(Referring expression grounding data)
• • • • •

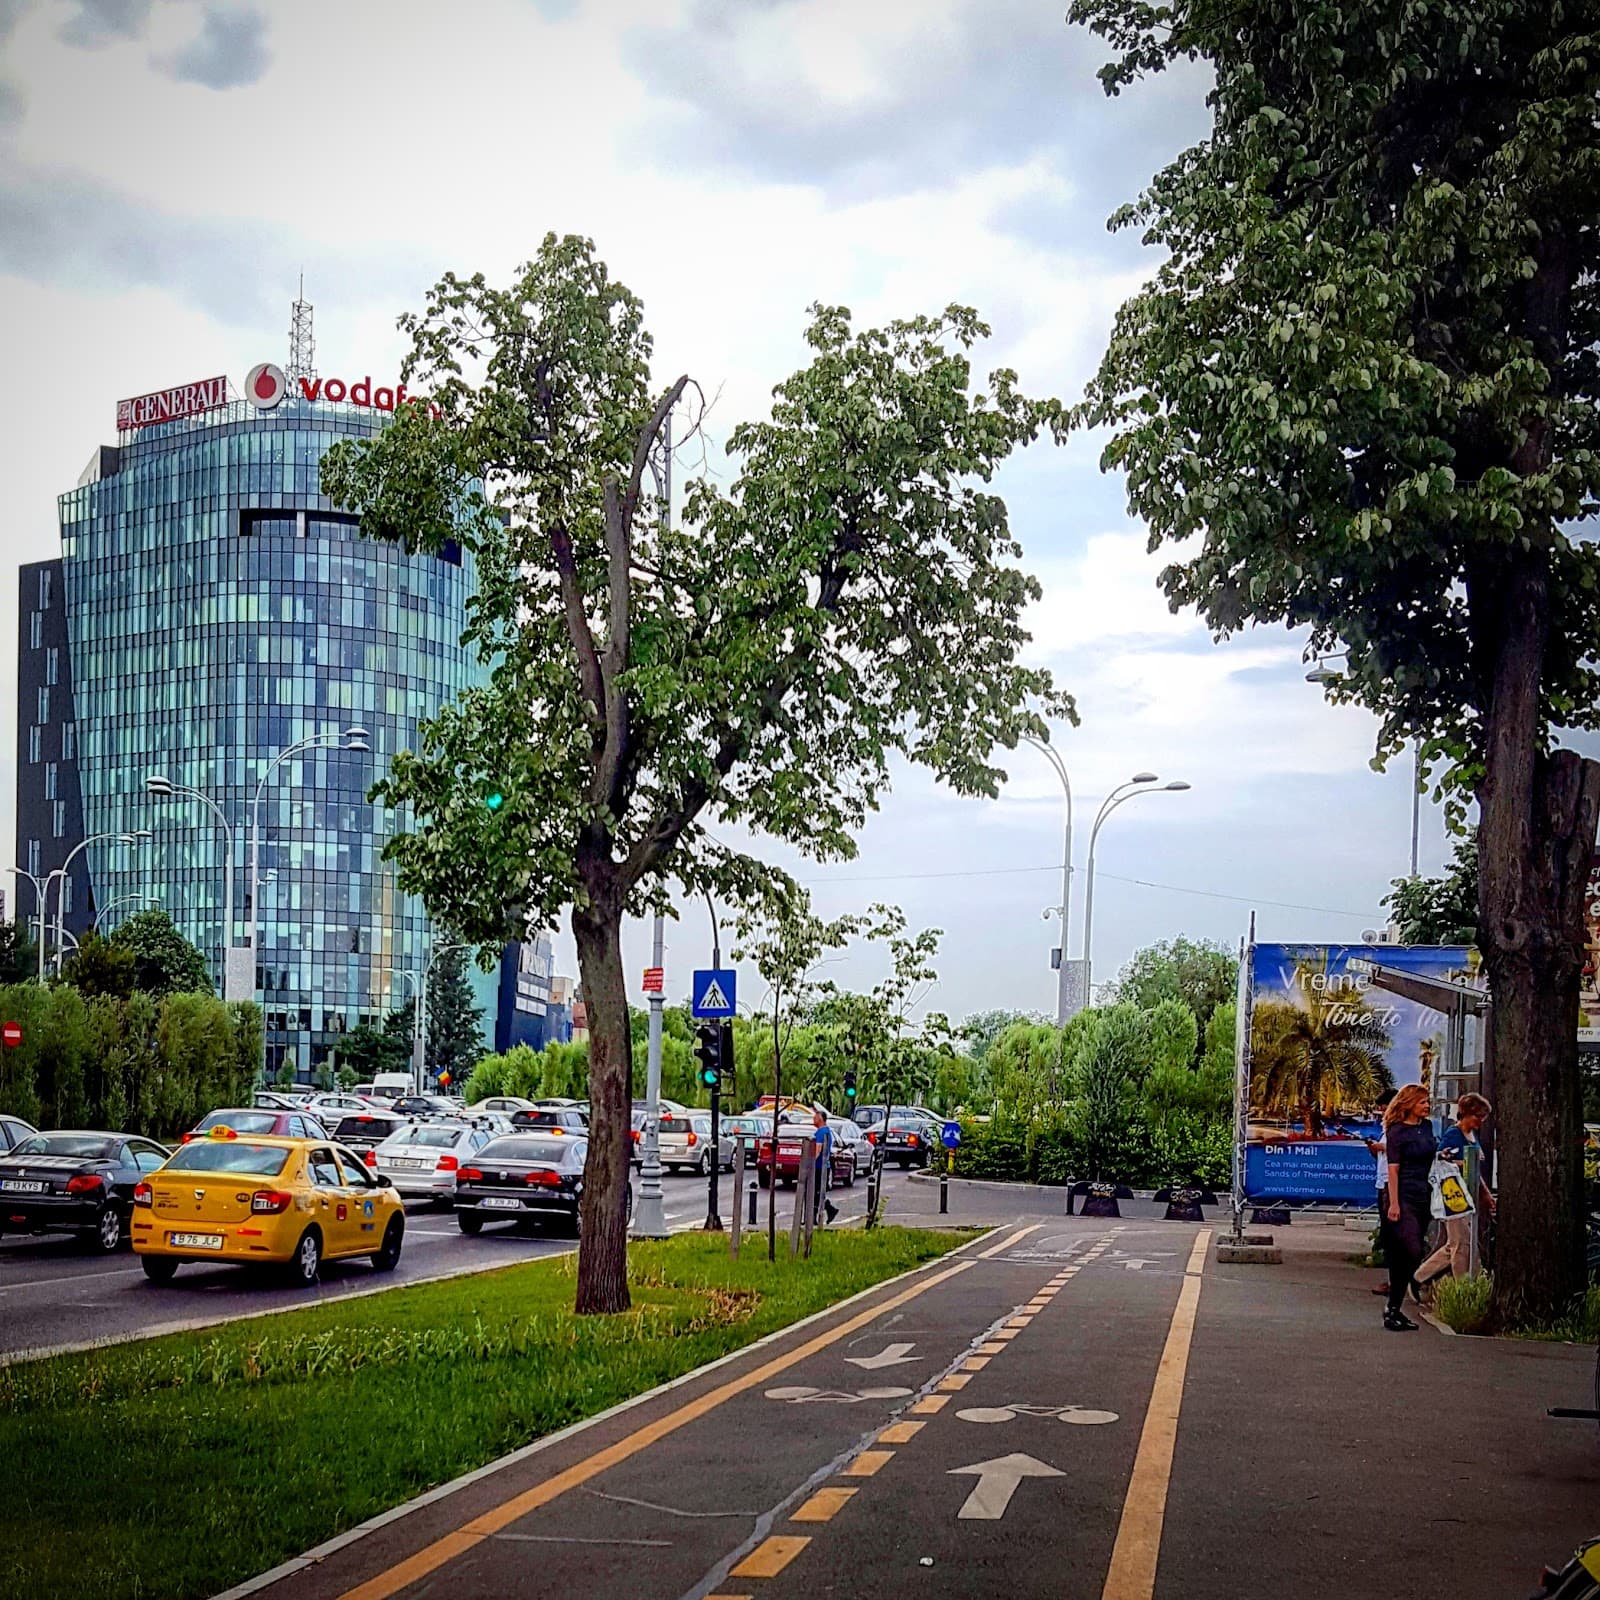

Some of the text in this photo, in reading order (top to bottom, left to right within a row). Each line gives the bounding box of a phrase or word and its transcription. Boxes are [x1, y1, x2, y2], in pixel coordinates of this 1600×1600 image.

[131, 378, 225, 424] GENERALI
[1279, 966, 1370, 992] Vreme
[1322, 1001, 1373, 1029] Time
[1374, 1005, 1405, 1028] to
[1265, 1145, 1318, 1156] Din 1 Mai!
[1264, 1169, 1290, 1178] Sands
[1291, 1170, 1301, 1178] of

• • • • •

Give the records again without a single change, and exclude the pictures.

Some of the text in this photo, in reading order (top to bottom, left to right within a row). Each line gives the bounding box of a phrase or word and its transcription. Boxes are [x1, y1, x2, y2], in pixel coordinates of this 1600×1600 image.

[131, 378, 225, 424] GENERALI
[1279, 966, 1370, 992] Vreme
[1322, 1001, 1373, 1029] Time
[1374, 1005, 1405, 1028] to
[1265, 1145, 1318, 1156] Din 1 Mai!
[1264, 1169, 1290, 1178] Sands
[1291, 1170, 1301, 1178] of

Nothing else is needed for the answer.